How you work and lead
A workplace's culture around food can have a big impact on what and how a person eats and drinks during their work day - and even away from work.
This is the area businesses can have the most impact in guiding their people towards a healthy food culture.
Adopt healthy catering guidelines. These can apply to on-site cafés or canteens, vending machines, and food your workplace provides at meetings and events. See the Ministry of Health’s Healthy Food and Drink Policy for Organisations for help. Also see the Heart Foundation’s healthy catering resources or its Guidelines for Providing Healthier Cafeteria Food.
If you have drinks other than water available, make sure they include low or no-sugar drink options – see the Health Promotion Agency's guide for providing healthier beverage options in your workplace.
Consider subsidising healthy options in the staff café.

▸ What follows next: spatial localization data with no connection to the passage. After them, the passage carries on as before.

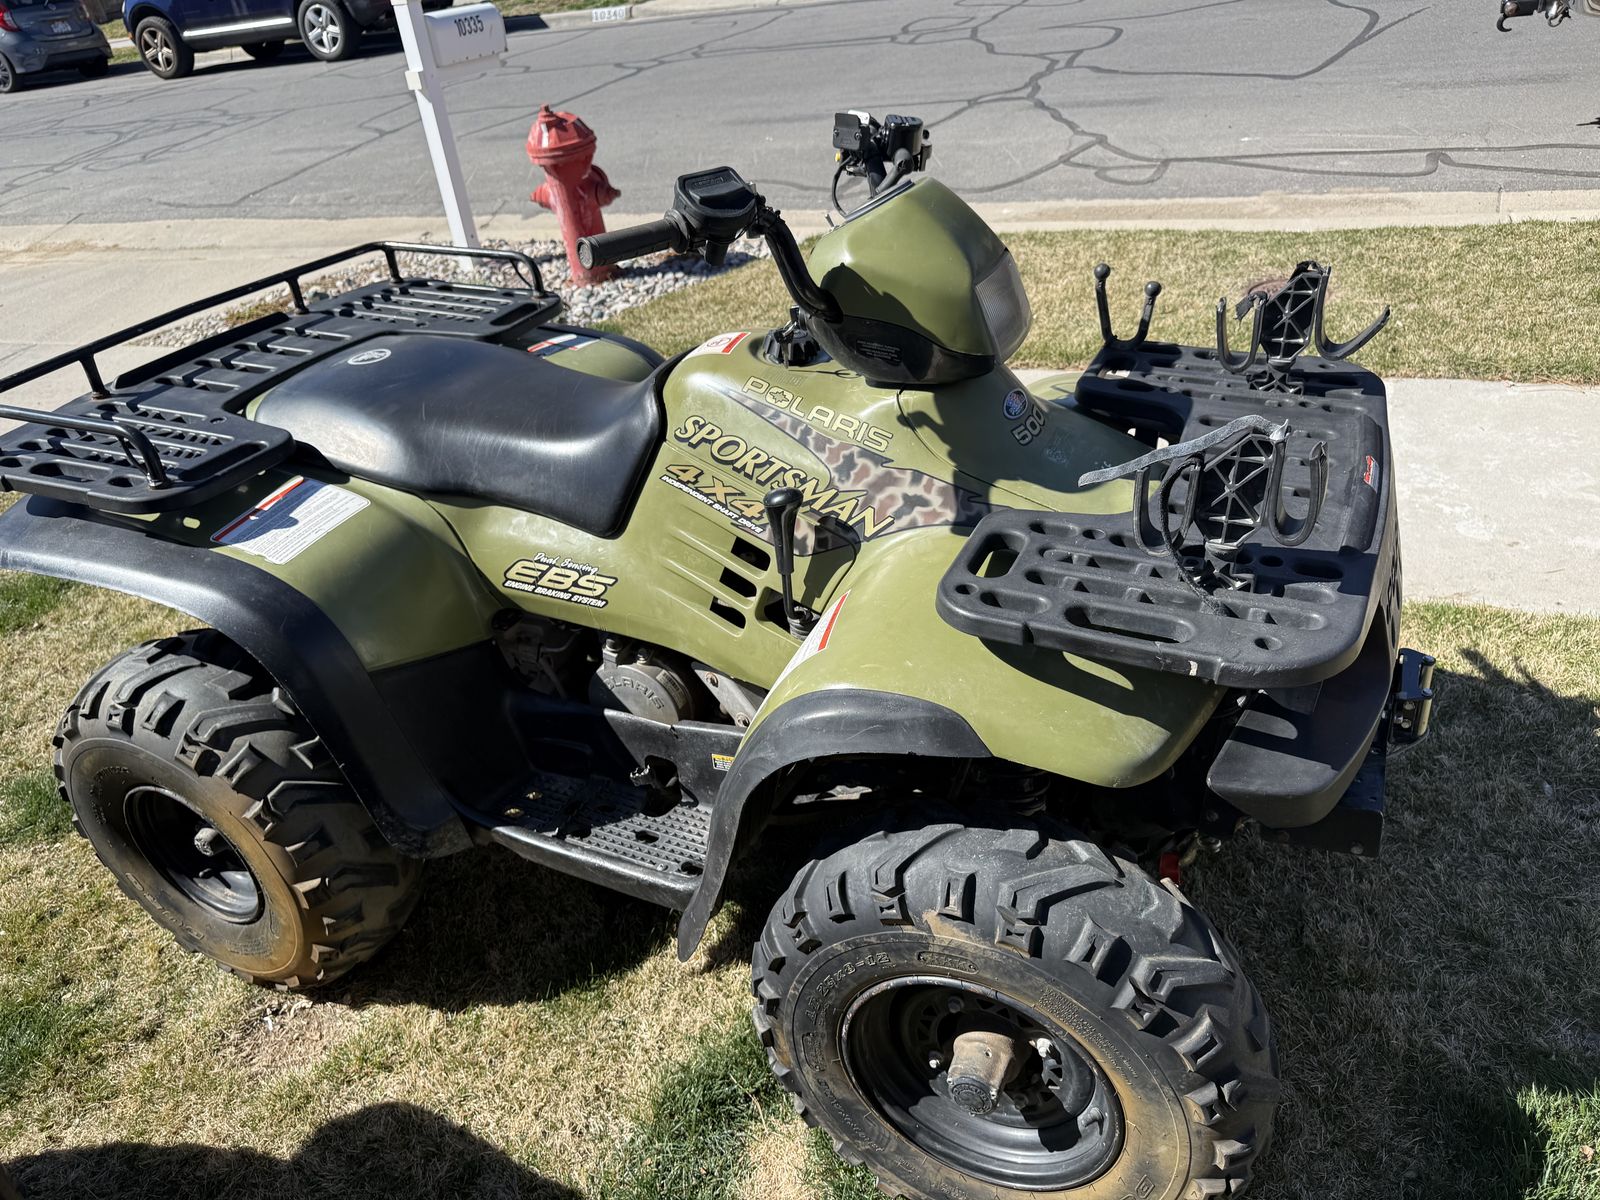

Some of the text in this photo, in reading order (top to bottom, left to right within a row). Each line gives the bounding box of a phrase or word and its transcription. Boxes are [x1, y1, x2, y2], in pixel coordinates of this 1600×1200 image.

[454, 15, 484, 37] 10335
[593, 8, 625, 21] 10340
[741, 376, 894, 452] POLARIS
[1011, 404, 1046, 446] 500
[665, 464, 766, 520] 4X4
[674, 415, 895, 541] SPORTSMAN
[660, 474, 764, 535] INDEPENDENT SHAFT DRIVE
[505, 559, 618, 598] EBS
[533, 551, 600, 575] Dual Sensing
[504, 579, 606, 609] ENGINE BRAKING SYSTEM
[603, 675, 665, 710] OLARIS

Organise healthy food deliveries. If people can’t easily buy healthy food near work, consider taking orders and getting deliveries from a local café or caterer.
Promote activities that encourage healthy food, such as healthy food team challenges, healthy recipe collections and swaps, and healthy breakfast clubs.

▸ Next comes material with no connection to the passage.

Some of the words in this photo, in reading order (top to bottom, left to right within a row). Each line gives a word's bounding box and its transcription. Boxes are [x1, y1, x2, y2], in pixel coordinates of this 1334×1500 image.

Regularly include healthy food information/recipes/advice/links in staff communications.
Support breastfeeding in the workplace. See this employers' guide to breastfeeding in the workplace and consider applying for certification as a breastfeeding-friendly workplace.

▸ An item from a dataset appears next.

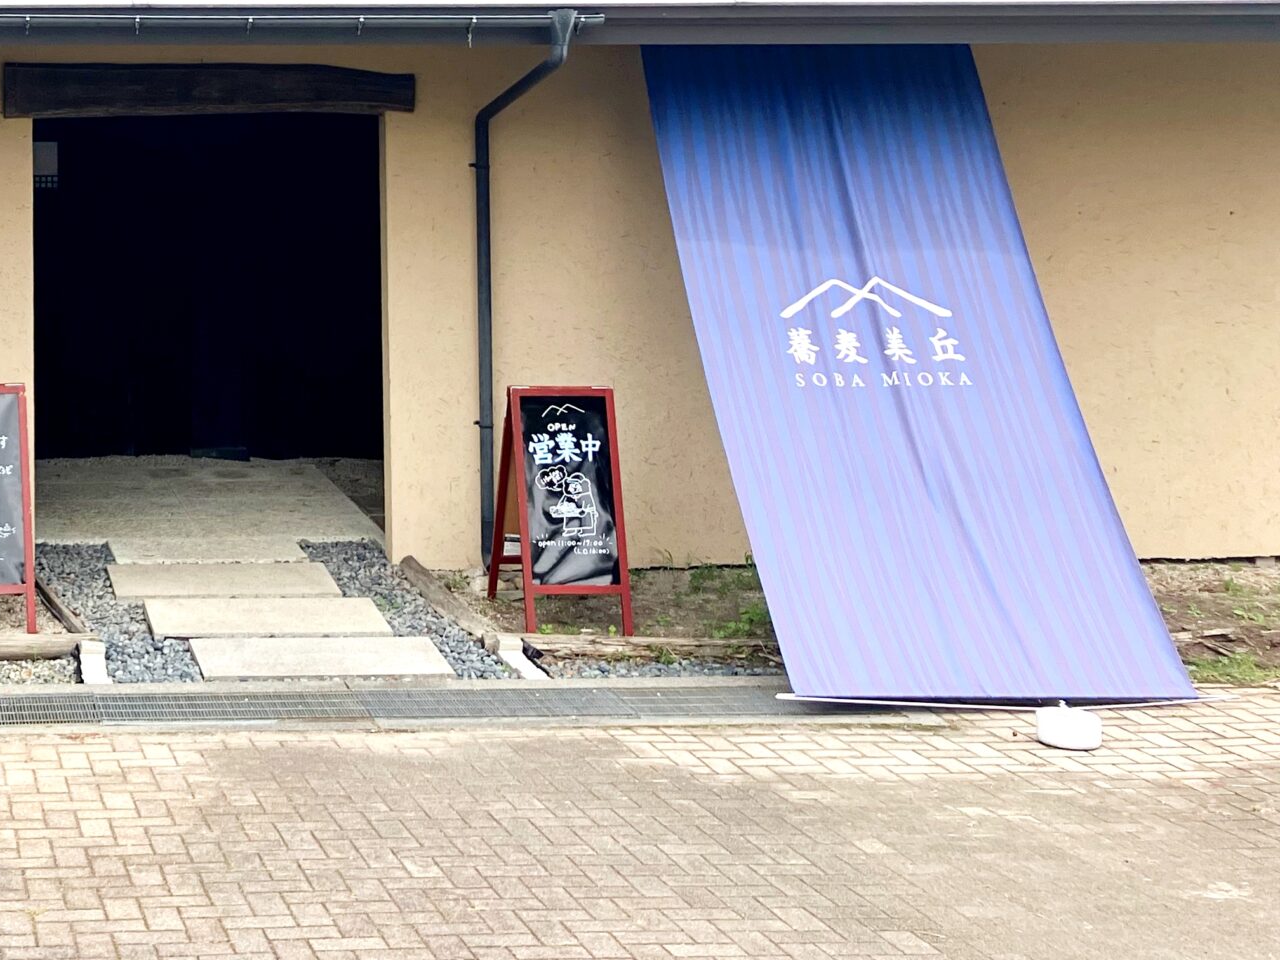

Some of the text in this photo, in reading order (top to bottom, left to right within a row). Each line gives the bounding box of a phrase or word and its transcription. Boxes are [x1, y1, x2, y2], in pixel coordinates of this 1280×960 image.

[787, 327, 966, 365] 蕎麦美丘
[795, 371, 973, 387] SOBA MIOKA
[547, 422, 576, 432] OPEN
[528, 432, 601, 465] 営業中

Work spaces and facilities
Think about how your workplace environment could make it easier for people to eat well at work.
If you have vending machines or snack boxes on site, consider removing them or stock them with healthy options.
Provide attractive, comfortable and well-resourced facilities for staff to store, prepare and eat food.
Have water coolers, chilled water bottles or containers available to give people easy access to 100% water.
Subscribe to healthy food magazines for staff to read during breaks.
Provide areas for breastfeeding mothers to feed or pump and store breastmilk.
Got some spare grass? Allow staff to grow vegetables and fruit.
Put up posters and information promoting healthy food choices and nutritional information in staff break and work areas.
Put up posters advertising upcoming awareness campaigns that support eating healthily.
Supporting individuals
Businesses can also take action to help their people make positive changes to their own food choices.
Establish a regular healthy shared lunch so people can swap healthy food and healthy food ideas – get some ideas at myfamily.kiwi.
Work with staff to start a healthy breakfast club.
Include healthy recipes in staff communications and encourage staff to share them.
Hold regular learning lunches for staff, including topics such as food safety, how to read food labels, cooking for kids, understanding the new Health Star Rating for packaged food.
Promote eating well by putting up posters and putting out pamphlets in break rooms that educate and inspire workers to eat healthily.
Download/order in hardcopy and distribute the Ministry of Health's Eat Healthy Food and Move More Every Day brochure.
Hold a competition for the healthiest, tastiest recipe from staff, then compile a recipe book from the contributions.
Offer cooking classes to teach staff healthy recipes – comes with a side dish of team building!
Encourage participation in local and national healthy eating initiatives, such as 5+ a Day.
Who can support you to help your people eat well
Below are some organisations to help you help your people to learn how to eat well.
WorkWell is a free, workplace wellbeing initiative that supports workplaces to ‘work better through wellbeing’. Developed by Toi Te Ora – Public Health Service, WorkWell can be adapted to any workplace and is available in various regions across New Zealand.
The Workplace Health and Wellbeing team at the Auckland Regional Public Health Service are able to give technical advice and guidance on health and wellbeing in the workplace. The team can support workplaces with best practice advice, tools and free programmes in the Auckland region.